What I do know is that I will continue to try to live my values every day and to fight for what I believe is right. I agree with Hillary on this...fighting for what's right is always worth it. 

Finally, in case you are interested, here is a list of pro-women, pro-immigrant, pro-Earth, anti-bigotry organizations that are likely to suffer under a Trump presidency. We must face this reality and figure out ways to protect and support one another. 

Saturday, October 8, 2016

Last weekend in Yellow Springs

Yellow Springs is a village near Dayton, OH; per wikipedia (so you know it's legit), the name comes from a nearby natural spring that's so rich in iron ore it turns the rocks yellowish-orange (but mostly orange as you'll see below). It's an artsy, progressive community right next to a nature preserve. Life seems to move more slowly in Yellow Springs, and I absolutely love it there. 

I originally wanted to go for Labor Day weekend to celebrate my birthday but blah blah blah for boring reasons it didn't work out. I had a lovely birthday party at home with some friends and we decided we'd try Yellow Springs again in a few weeks. I was not super proactive about planning the trip; at the end of most weeks I feel like I could sleep the entire weekend and be perfectly happy. Eli insisted that we go, so we went. I think he knew we needed it.

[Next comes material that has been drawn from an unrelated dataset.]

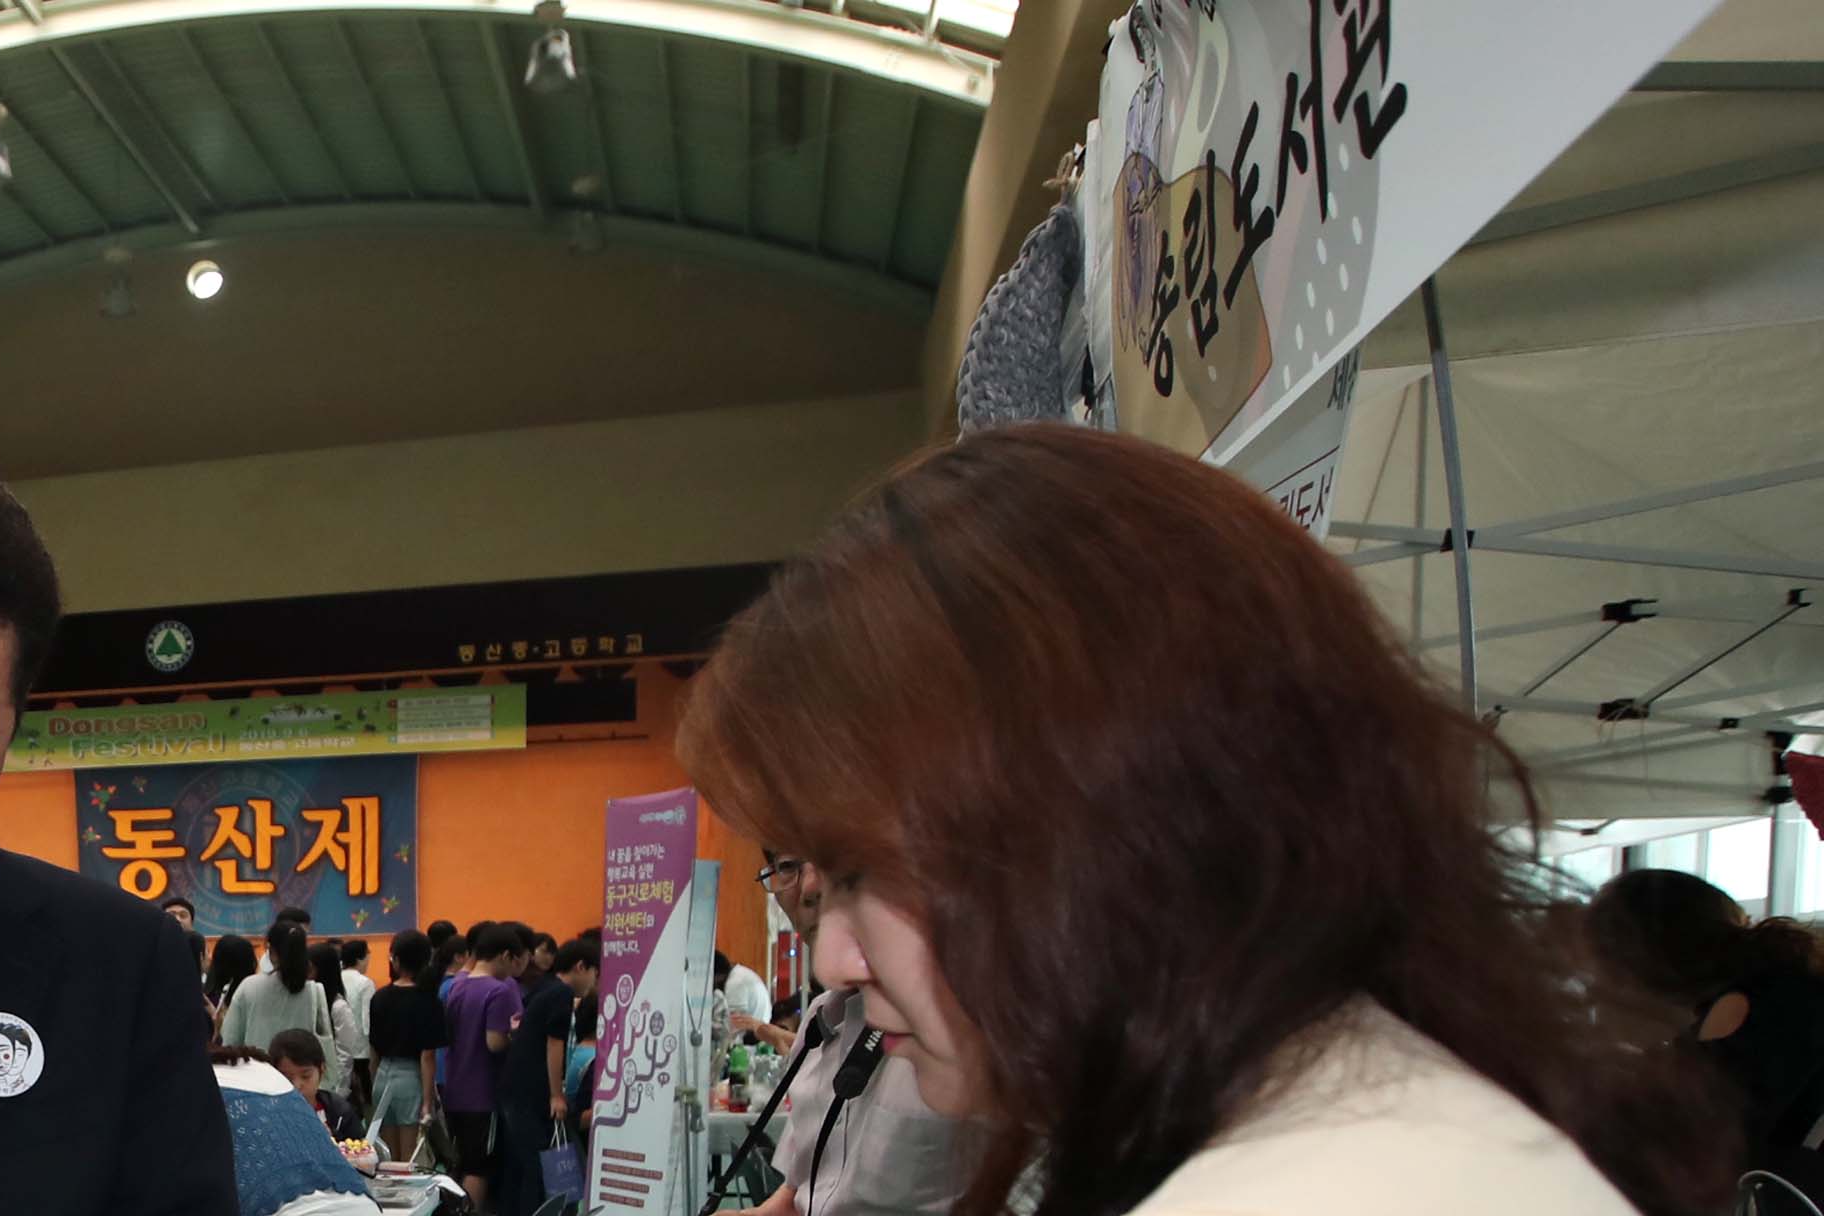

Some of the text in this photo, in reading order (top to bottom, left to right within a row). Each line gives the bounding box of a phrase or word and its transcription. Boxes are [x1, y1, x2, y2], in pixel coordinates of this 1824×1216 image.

Friday night we checked into our adorable (and super cheap) Airbnb loft above a local family's detached garage and headed straight for Yellow Springs Brewery (#priorities). We ate some really great meals at Sunrise Cafe and Winds Cafe and took a couple of long walks in the woods. Each morning we walked by an old building that had been converted to office space and art studios. Eli kept insisting it was haunted, but I was daydreaming about uprooting my life and opening a private practice inside; I'd walk to work and set up my desk underneath a big window with a woodsy view. On a Sunday morning whim, we drove down the street to Young's Jersey Dairy in search of pumpkins.  They had plenty lined up for sale but we decided it made more sense to hop on a wagon full of young children and wade into a muddy patch to clip our own pumpkins off their vines. We wrapped up the weekend with a swirl of soft serve at Corner Cone

Occasionally a client will tell me that he or she is too busy for therapy. I explain that sometimes adding another thing to your plate doesn't necessarily add fact, therapy can help to relieve stress in a number of ways. That's how I felt about our trip. I'm not home as much as I'd like to be and we'd travelled to our friends' wedding in Pittsburgh the weekend before, so at first I wasn't necessarily into the idea of back-to-back weekends away. In the end, I felt refreshed. I had a really pleasant and relaxed extended hang with my partner. 

Basically, if you can go to Yellow Springs (or anywhere that calms and inspires you), you should.